A new study shows that gay, lesbian, and bisexual teens have a higher risk of binge-eating and purging than their heterosexual counterparts, perhaps because of social isolation.
Previous studies have shown that gay men were at higher risk of eating disorders than straight ones, but this is one of the first studies to look at gay teens. Interestingly, the study divided its population into homosexual, bisexual, "mostly heterosexual," and heterosexual groups, showing a little more acceptance of orientation fluidity than one might expect from mainstream science. Lead researcher S. Bryn Austin and her colleagues found that lesbian, bisexual, and mostly heterosexual girls were about twice as likely as heterosexual ones to report binge-eating. Bisexual and mostly heterosexual girls (though apparently not lesbians) were also more likely to purge. Homosexual boys were seven times more likely to binge and 12 times more likely to purge (behaviors Frank Bruni, pictured, wrote about in his book Born Round) than straight boys, with bisexual and mostly heterosexual boys facing a lesser but still elevated risk.
Austin said, "We know that gay, lesbian, and other sexual-minority kids are often under a lot of pressure," and that they can be "treated like outsiders" at home and at school. She added,
This kind of isolation and victimization can take its toll on a young person, and one of ways it can play out is in vulnerability to eating-disorder symptoms and a host of other stress-related health problems.
Unfortunately, one of the ways eating-disordered teens may try to combat isolation is through pro-eating-disorder websites, which may seem to offer support and understanding that kids aren't getting elsewhere.

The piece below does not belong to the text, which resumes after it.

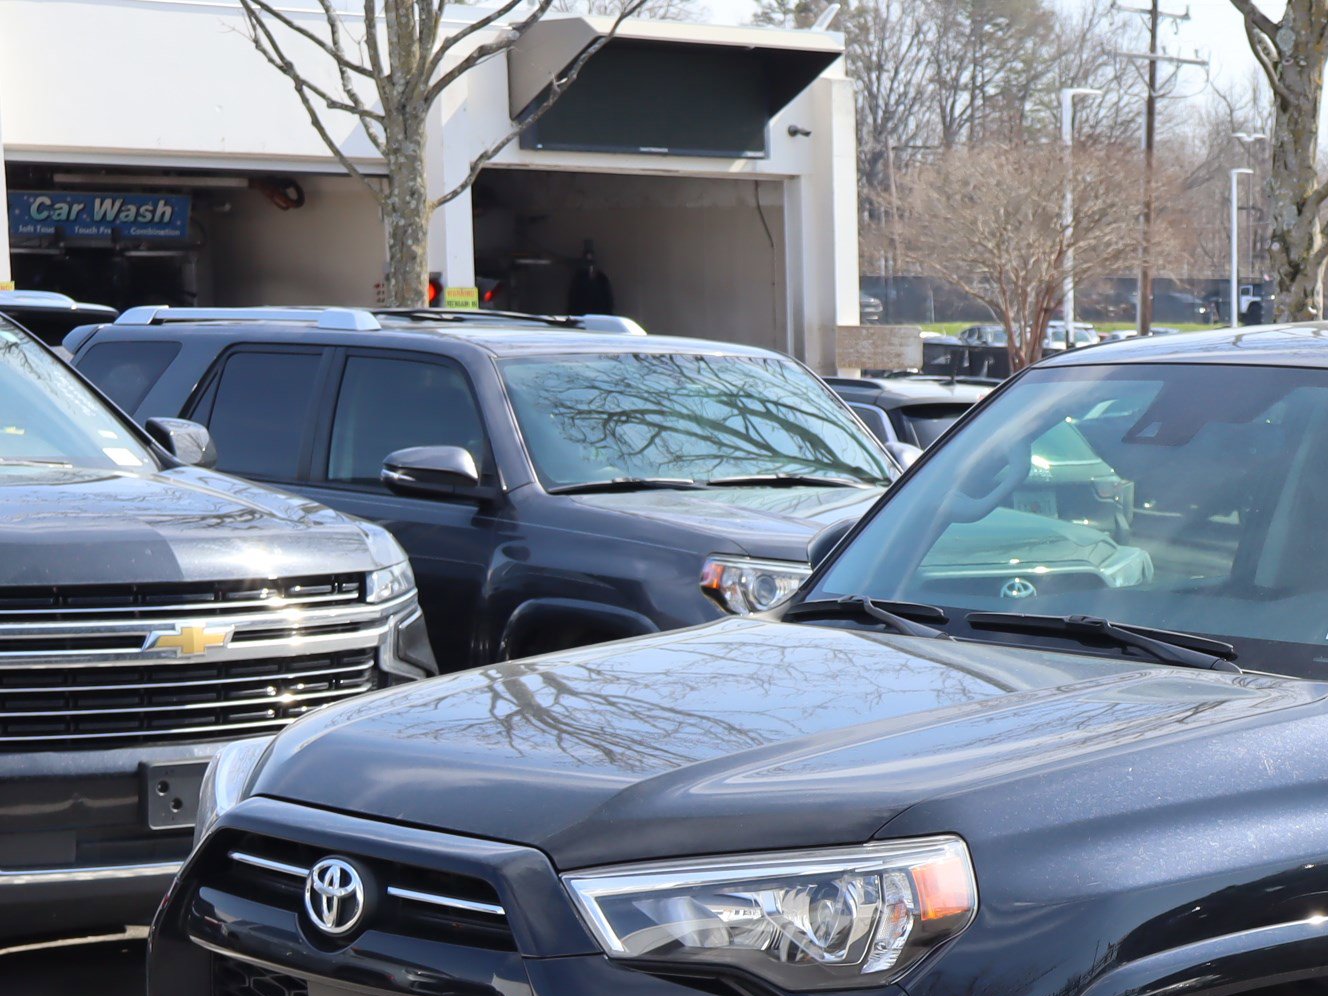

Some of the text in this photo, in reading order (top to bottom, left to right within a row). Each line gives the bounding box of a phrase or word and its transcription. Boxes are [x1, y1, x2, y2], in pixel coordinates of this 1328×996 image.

[30, 196, 173, 223] Car Wash
[36, 225, 55, 234] Touc

Last year France tried to ban "inciting thinness," and now Britain's Royal College of Psychiatrists is calling for the UK Council for Child Internet Safety to more closely monitor the effect of pro-ana and pro-mia sites. Professor Ulrike Schmidt, chair of the College's Eating Disorders Section, says,
This is not a rare problem; it affects a significant number of schoolchildren. Studies have shown that girls who looked at these sites had low self-esteem, felt bad about their bodies and were miserable. Patients in eating disorders units spend up to 20 hours a week looking at [the websites]. There is a vulnerable group of women who are being sucked into this.
Schmidt's message is important, but it leaves out boys — it now seems that gay boys and men who suffer from eating disorders are marginalized both by a heteronormative society and by a culture of eating disorder treatment and prevention that focuses mainly on women. The Royal College of Psychiatrists doesn't advocate banning pro-eating disorder websites (Schmidt says, "These sites are probably set up by people who are themselves vulnerable. Criminalising the problem would not be helpful."), but rather asks the Council for Child Internet Safety to "specifically target pro-eating disorder websites in its monitoring and educational activities." Perhaps gay, bisexual, and, as Austin says, "other sexual-minority kids" could use specific outreach and education as well.